*Your goal*: Keeping every character as it is, transcribe the entries below.

*Entries supplied*:
──────

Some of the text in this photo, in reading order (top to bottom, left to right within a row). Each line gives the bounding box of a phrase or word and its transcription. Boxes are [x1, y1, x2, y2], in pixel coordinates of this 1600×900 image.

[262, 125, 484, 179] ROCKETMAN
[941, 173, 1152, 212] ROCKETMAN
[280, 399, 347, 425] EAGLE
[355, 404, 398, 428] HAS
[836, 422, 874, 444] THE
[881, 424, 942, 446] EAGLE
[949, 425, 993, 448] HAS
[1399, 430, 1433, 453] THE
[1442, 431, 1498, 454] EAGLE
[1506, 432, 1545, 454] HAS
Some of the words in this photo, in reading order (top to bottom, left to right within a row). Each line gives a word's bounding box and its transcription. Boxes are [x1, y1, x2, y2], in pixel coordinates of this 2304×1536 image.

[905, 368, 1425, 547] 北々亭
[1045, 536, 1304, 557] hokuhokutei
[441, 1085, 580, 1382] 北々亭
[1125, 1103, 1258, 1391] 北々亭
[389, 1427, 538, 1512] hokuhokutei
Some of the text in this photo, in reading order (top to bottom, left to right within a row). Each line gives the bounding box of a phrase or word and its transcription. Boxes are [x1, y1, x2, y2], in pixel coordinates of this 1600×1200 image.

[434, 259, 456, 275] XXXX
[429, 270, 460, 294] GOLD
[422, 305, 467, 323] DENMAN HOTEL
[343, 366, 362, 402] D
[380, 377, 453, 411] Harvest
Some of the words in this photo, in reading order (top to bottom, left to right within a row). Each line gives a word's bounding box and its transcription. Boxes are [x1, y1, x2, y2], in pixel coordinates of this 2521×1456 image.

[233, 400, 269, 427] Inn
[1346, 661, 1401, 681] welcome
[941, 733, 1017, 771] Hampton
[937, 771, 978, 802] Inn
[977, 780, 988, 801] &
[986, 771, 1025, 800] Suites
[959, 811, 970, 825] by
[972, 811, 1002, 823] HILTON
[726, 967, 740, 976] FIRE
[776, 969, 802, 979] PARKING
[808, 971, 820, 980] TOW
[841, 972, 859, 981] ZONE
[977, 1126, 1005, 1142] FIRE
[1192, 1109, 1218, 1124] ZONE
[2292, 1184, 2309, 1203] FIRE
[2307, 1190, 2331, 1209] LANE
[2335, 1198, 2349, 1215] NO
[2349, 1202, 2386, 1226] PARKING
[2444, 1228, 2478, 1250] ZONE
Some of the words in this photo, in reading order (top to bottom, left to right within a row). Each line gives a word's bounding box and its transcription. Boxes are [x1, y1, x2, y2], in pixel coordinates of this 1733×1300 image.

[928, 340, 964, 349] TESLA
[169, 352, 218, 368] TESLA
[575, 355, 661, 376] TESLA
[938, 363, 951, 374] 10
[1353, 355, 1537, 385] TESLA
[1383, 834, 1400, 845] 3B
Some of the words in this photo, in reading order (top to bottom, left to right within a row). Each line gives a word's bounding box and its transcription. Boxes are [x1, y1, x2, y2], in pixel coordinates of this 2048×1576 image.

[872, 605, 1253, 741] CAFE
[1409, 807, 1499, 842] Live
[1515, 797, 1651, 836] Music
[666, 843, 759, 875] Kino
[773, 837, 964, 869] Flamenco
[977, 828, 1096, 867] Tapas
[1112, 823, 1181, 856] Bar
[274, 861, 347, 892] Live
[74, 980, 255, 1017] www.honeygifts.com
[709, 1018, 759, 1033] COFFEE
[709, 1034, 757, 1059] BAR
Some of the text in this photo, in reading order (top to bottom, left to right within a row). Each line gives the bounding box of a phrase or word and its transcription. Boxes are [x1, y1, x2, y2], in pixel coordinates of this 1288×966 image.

──────

*Response area*:
Some of the text in this photo, in reading order (top to bottom, left to right within a row). Each line gives the bounding box of a phrase or word and its transcription. Boxes are [x1, y1, x2, y2], in pixel coordinates of this 1600×900 image.

[262, 125, 484, 179] ROCKETMAN
[941, 173, 1152, 212] ROCKETMAN
[280, 399, 347, 425] EAGLE
[355, 404, 398, 428] HAS
[836, 422, 874, 444] THE
[881, 424, 942, 446] EAGLE
[949, 425, 993, 448] HAS
[1399, 430, 1433, 453] THE
[1442, 431, 1498, 454] EAGLE
[1506, 432, 1545, 454] HAS
Some of the words in this photo, in reading order (top to bottom, left to right within a row). Each line gives a word's bounding box and its transcription. Boxes are [x1, y1, x2, y2], in pixel coordinates of this 2304×1536 image.

[905, 368, 1425, 547] 北々亭
[1045, 536, 1304, 557] hokuhokutei
[441, 1085, 580, 1382] 北々亭
[1125, 1103, 1258, 1391] 北々亭
[389, 1427, 538, 1512] hokuhokutei
Some of the text in this photo, in reading order (top to bottom, left to right within a row). Each line gives the bounding box of a phrase or word and its transcription. Boxes are [x1, y1, x2, y2], in pixel coordinates of this 1600×1200 image.

[434, 259, 456, 275] XXXX
[429, 270, 460, 294] GOLD
[422, 305, 467, 323] DENMAN HOTEL
[343, 366, 362, 402] D
[380, 377, 453, 411] Harvest
Some of the words in this photo, in reading order (top to bottom, left to right within a row). Each line gives a word's bounding box and its transcription. Boxes are [x1, y1, x2, y2], in pixel coordinates of this 2521×1456 image.

[233, 400, 269, 427] Inn
[1346, 661, 1401, 681] welcome
[941, 733, 1017, 771] Hampton
[937, 771, 978, 802] Inn
[977, 780, 988, 801] &
[986, 771, 1025, 800] Suites
[959, 811, 970, 825] by
[972, 811, 1002, 823] HILTON
[726, 967, 740, 976] FIRE
[776, 969, 802, 979] PARKING
[808, 971, 820, 980] TOW
[841, 972, 859, 981] ZONE
[977, 1126, 1005, 1142] FIRE
[1192, 1109, 1218, 1124] ZONE
[2292, 1184, 2309, 1203] FIRE
[2307, 1190, 2331, 1209] LANE
[2335, 1198, 2349, 1215] NO
[2349, 1202, 2386, 1226] PARKING
[2444, 1228, 2478, 1250] ZONE
Some of the words in this photo, in reading order (top to bottom, left to right within a row). Each line gives a word's bounding box and its transcription. Boxes are [x1, y1, x2, y2], in pixel coordinates of this 1733×1300 image.

[928, 340, 964, 349] TESLA
[169, 352, 218, 368] TESLA
[575, 355, 661, 376] TESLA
[938, 363, 951, 374] 10
[1353, 355, 1537, 385] TESLA
[1383, 834, 1400, 845] 3B
Some of the words in this photo, in reading order (top to bottom, left to right within a row). Each line gives a word's bounding box and its transcription. Boxes are [x1, y1, x2, y2], in pixel coordinates of this 2048×1576 image.

[872, 605, 1253, 741] CAFE
[1409, 807, 1499, 842] Live
[1515, 797, 1651, 836] Music
[666, 843, 759, 875] Kino
[773, 837, 964, 869] Flamenco
[977, 828, 1096, 867] Tapas
[1112, 823, 1181, 856] Bar
[274, 861, 347, 892] Live
[74, 980, 255, 1017] www.honeygifts.com
[709, 1018, 759, 1033] COFFEE
[709, 1034, 757, 1059] BAR
Some of the text in this photo, in reading order (top to bottom, left to right within a row). Each line gives the bounding box of a phrase or word and its transcription. Boxes are [x1, y1, x2, y2], in pixel coordinates of this 1288×966 image.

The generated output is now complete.